== ASSIGNMENT ==
Starting at the line with "this 1600×1200 image.", retype every remaining line of the records exactly. Do not include pictures.

== RECORDS PROVIDED ==
=== Section Start ===
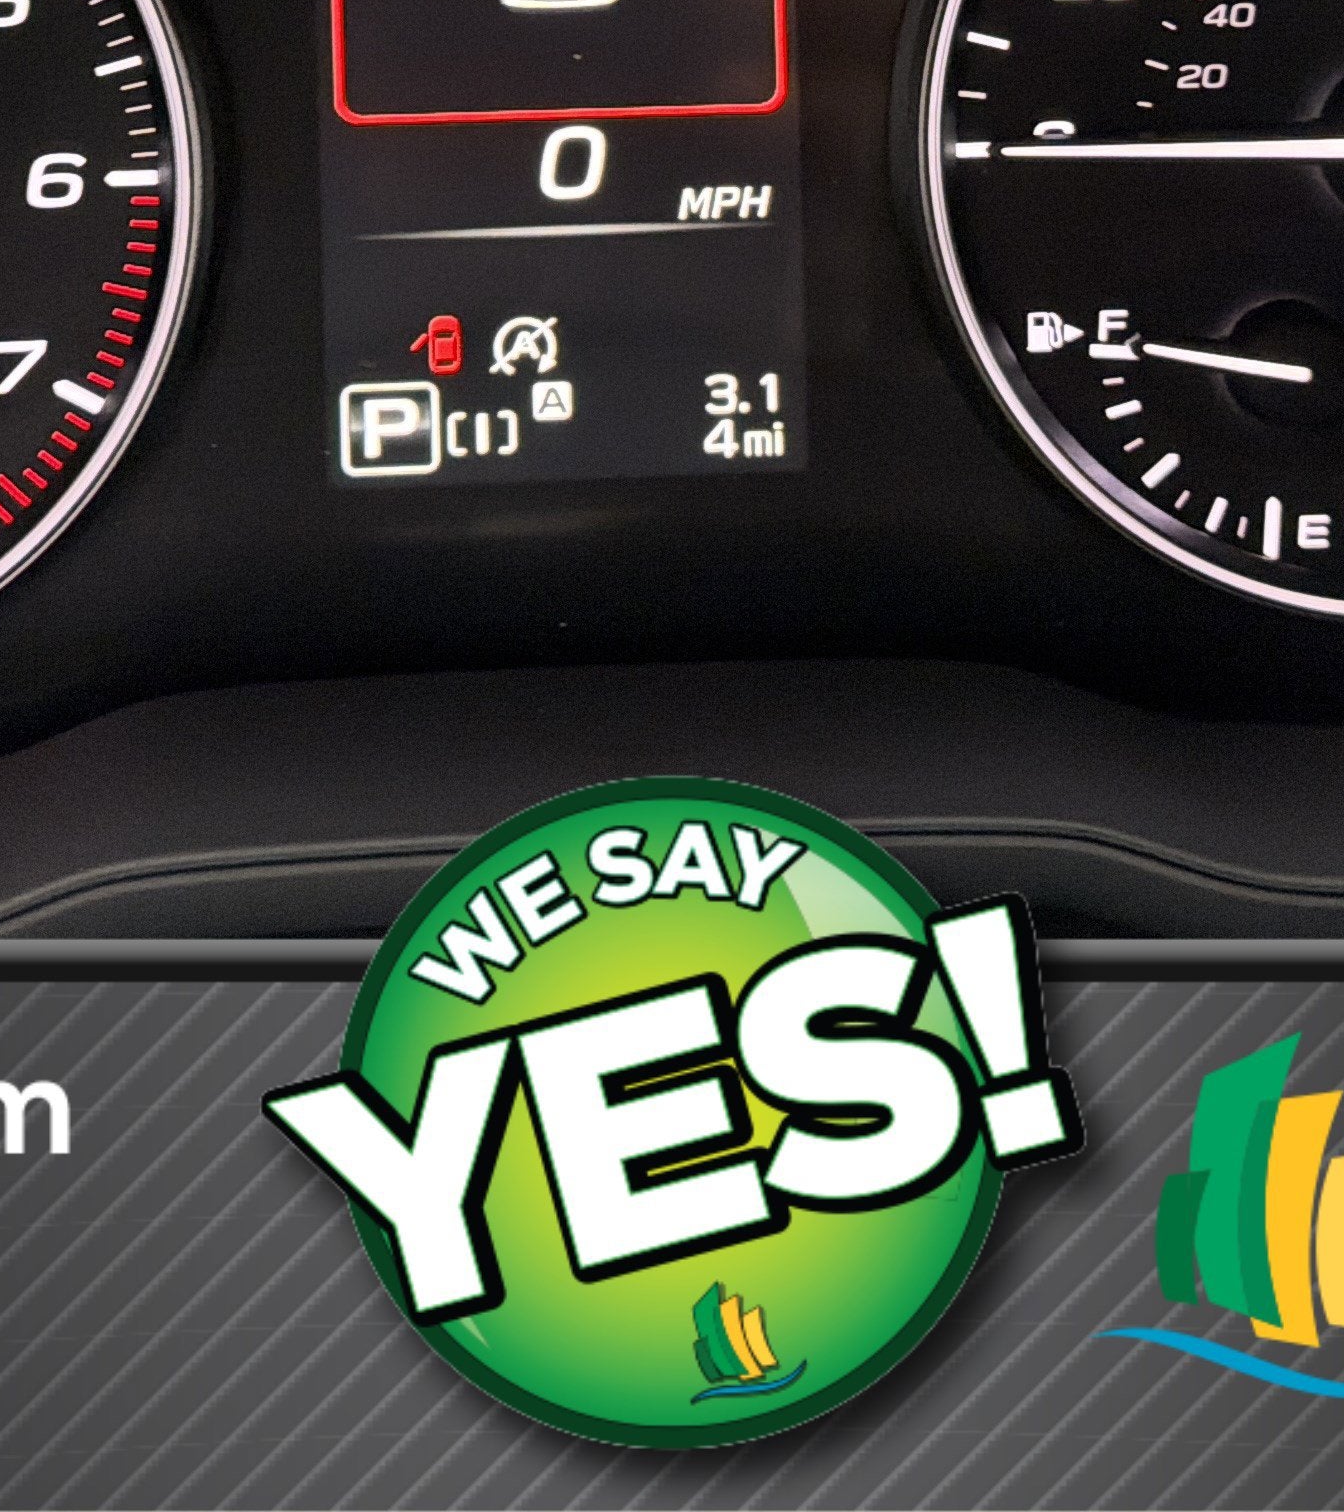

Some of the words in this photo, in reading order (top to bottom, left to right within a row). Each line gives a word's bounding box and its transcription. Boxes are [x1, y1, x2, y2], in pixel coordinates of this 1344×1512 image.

[1202, 1, 1257, 29] 40
[1175, 62, 1230, 90] 20
[25, 151, 89, 210] 6
[538, 124, 608, 202] 0
[675, 183, 774, 222] MPH
[1097, 309, 1129, 343] F
[536, 384, 570, 417] A
[703, 371, 780, 417] 3.1
[362, 397, 421, 460] P
[701, 416, 786, 460] 4mi
[1296, 513, 1333, 551] E
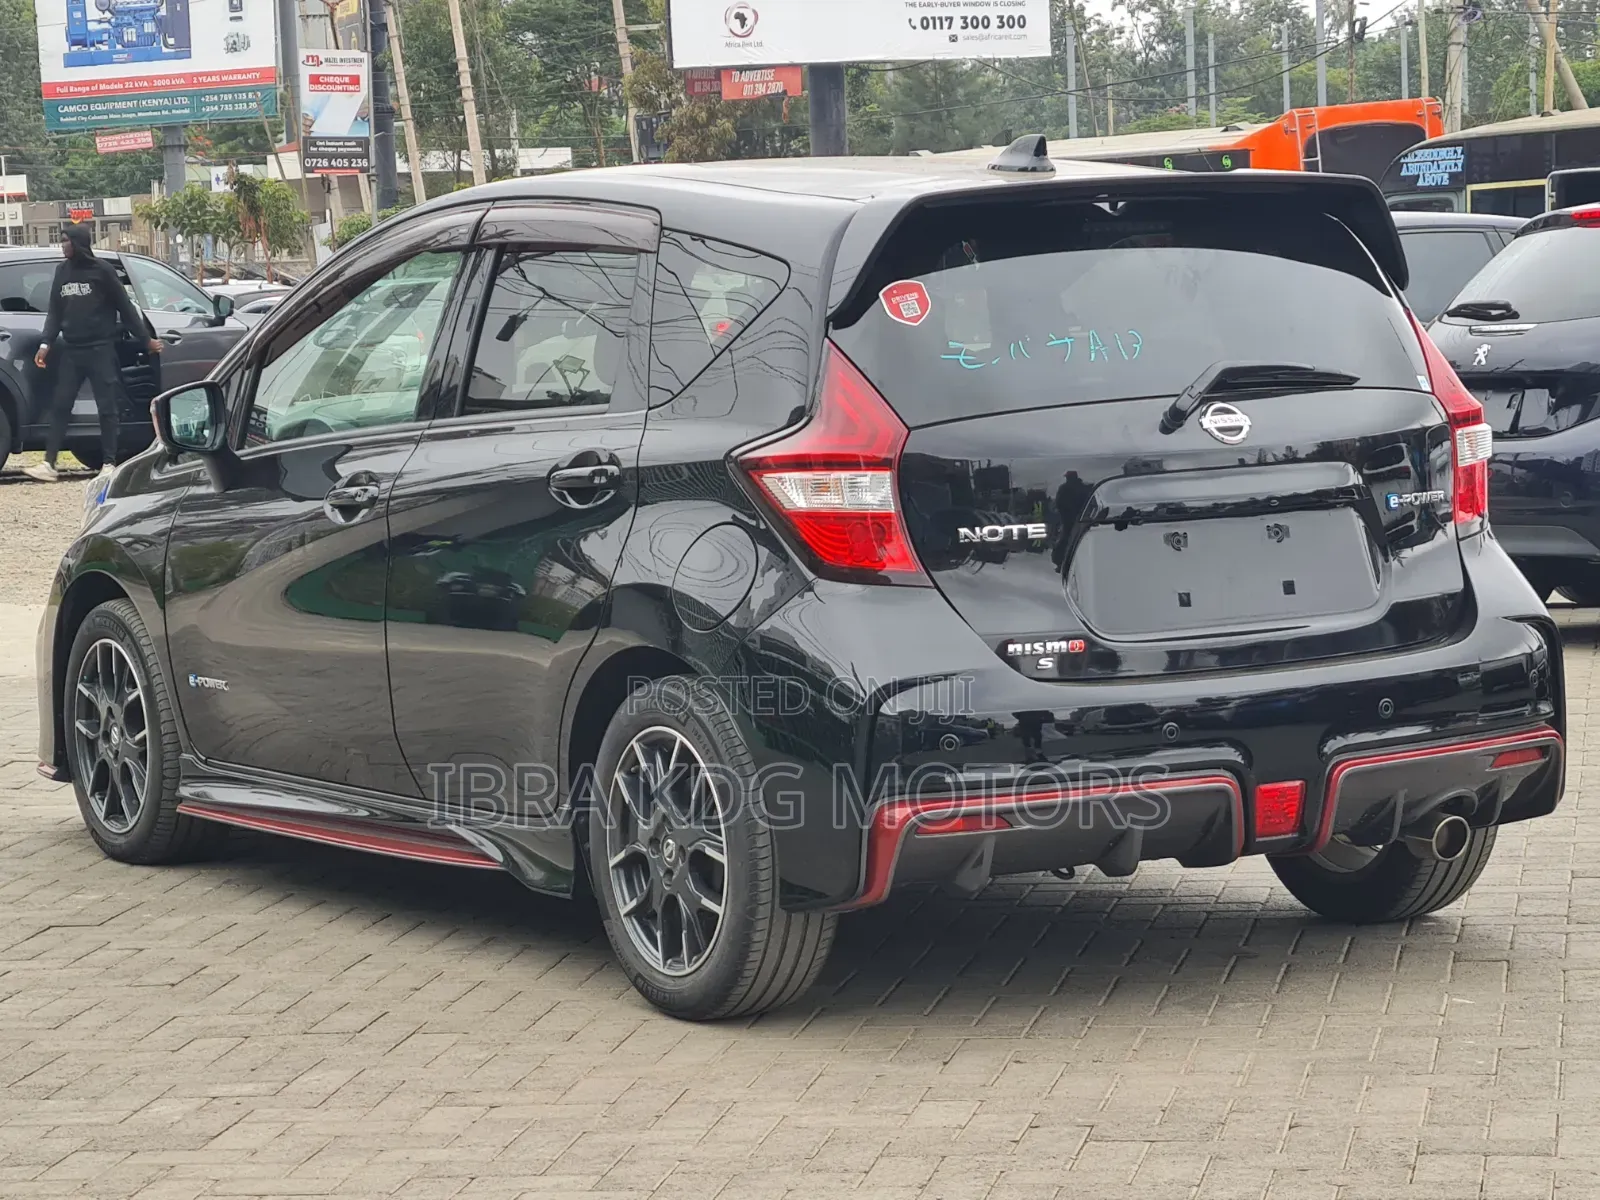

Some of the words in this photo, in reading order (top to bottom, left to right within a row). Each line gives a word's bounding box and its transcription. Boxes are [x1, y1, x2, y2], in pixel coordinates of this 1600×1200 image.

[920, 16, 954, 30] 0117
[960, 15, 990, 30] 300
[996, 14, 1026, 29] 300
[69, 85, 90, 93] Range
[100, 82, 123, 90] Models
[124, 81, 133, 89] 22
[135, 80, 148, 88] kVA
[171, 77, 185, 85] kVA
[198, 75, 220, 83] YEARS
[221, 72, 260, 81] WARRANTY
[319, 76, 350, 84] CHEQUE
[731, 71, 740, 83] TO
[740, 69, 776, 82] ADVERTISE
[767, 81, 784, 94] 2870
[58, 104, 89, 113] CAMCO
[90, 100, 137, 111] EQUIPMENT
[139, 97, 172, 108] (KENYA)
[173, 96, 190, 105] LTD.
[201, 94, 218, 102] +254
[304, 158, 329, 167] 0726
[330, 158, 349, 167] 405
[351, 158, 368, 167] 236
[1400, 160, 1463, 176] ABUNDANTLY
[1417, 173, 1450, 186] ABOVE
[1209, 416, 1247, 425] NISSAN
[1386, 490, 1445, 508] e-POWER
[957, 523, 1047, 543] NOTE
[1037, 657, 1054, 669] S
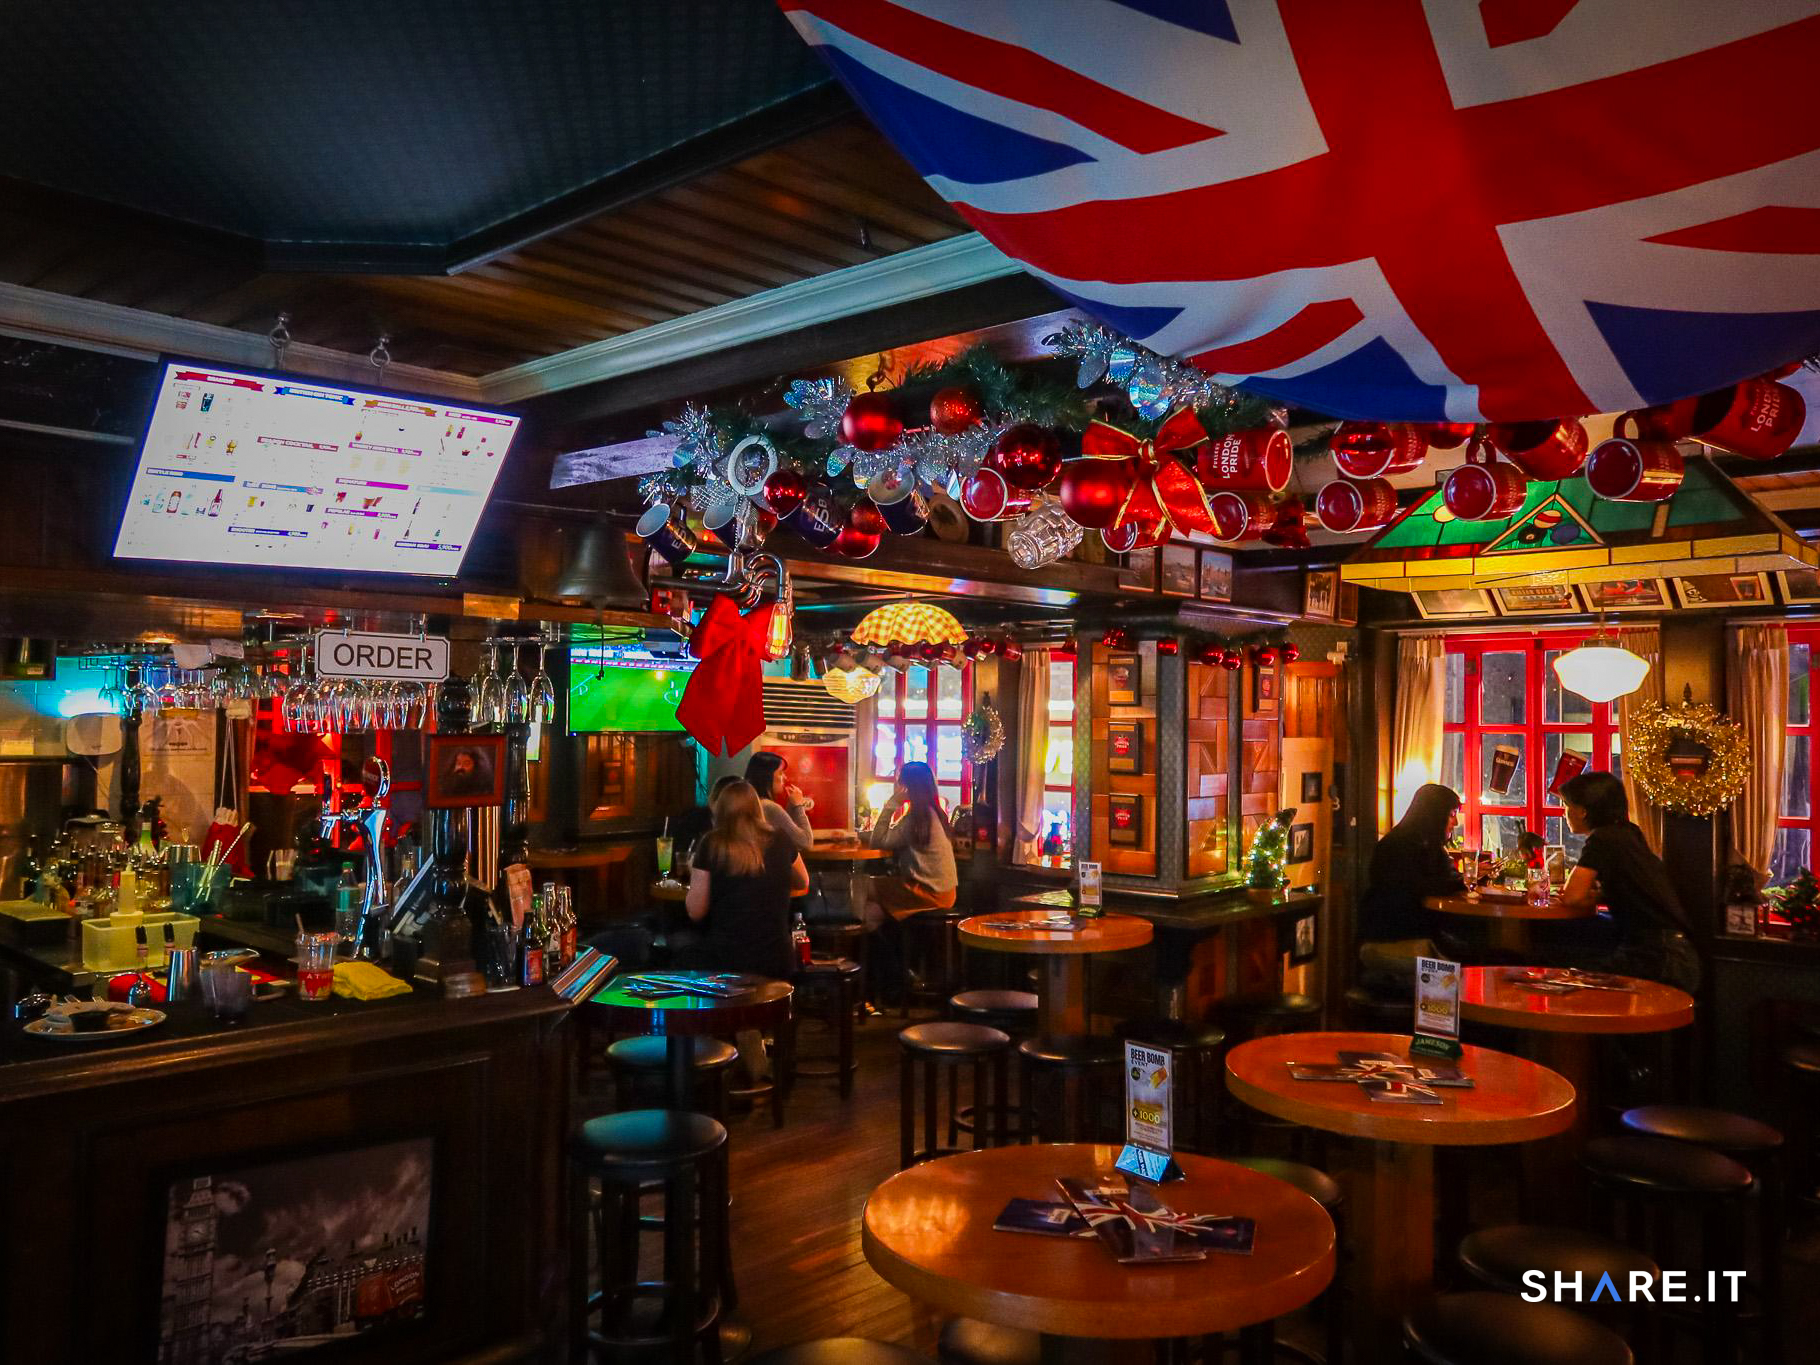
=== Section End ===
== ANSWER TO THIS EXERCISE ==
Some of the words in this photo, in reading order (top to bottom, left to right within a row). Each line gives a word's bounding box and its transcription. Boxes are [x1, y1, x2, y2], in pixel coordinates of this 1600×1200 image.

[920, 16, 954, 30] 0117
[960, 15, 990, 30] 300
[996, 14, 1026, 29] 300
[69, 85, 90, 93] Range
[100, 82, 123, 90] Models
[124, 81, 133, 89] 22
[135, 80, 148, 88] kVA
[171, 77, 185, 85] kVA
[198, 75, 220, 83] YEARS
[221, 72, 260, 81] WARRANTY
[319, 76, 350, 84] CHEQUE
[731, 71, 740, 83] TO
[740, 69, 776, 82] ADVERTISE
[767, 81, 784, 94] 2870
[58, 104, 89, 113] CAMCO
[90, 100, 137, 111] EQUIPMENT
[139, 97, 172, 108] (KENYA)
[173, 96, 190, 105] LTD.
[201, 94, 218, 102] +254
[304, 158, 329, 167] 0726
[330, 158, 349, 167] 405
[351, 158, 368, 167] 236
[1400, 160, 1463, 176] ABUNDANTLY
[1417, 173, 1450, 186] ABOVE
[1209, 416, 1247, 425] NISSAN
[1386, 490, 1445, 508] e-POWER
[957, 523, 1047, 543] NOTE
[1037, 657, 1054, 669] S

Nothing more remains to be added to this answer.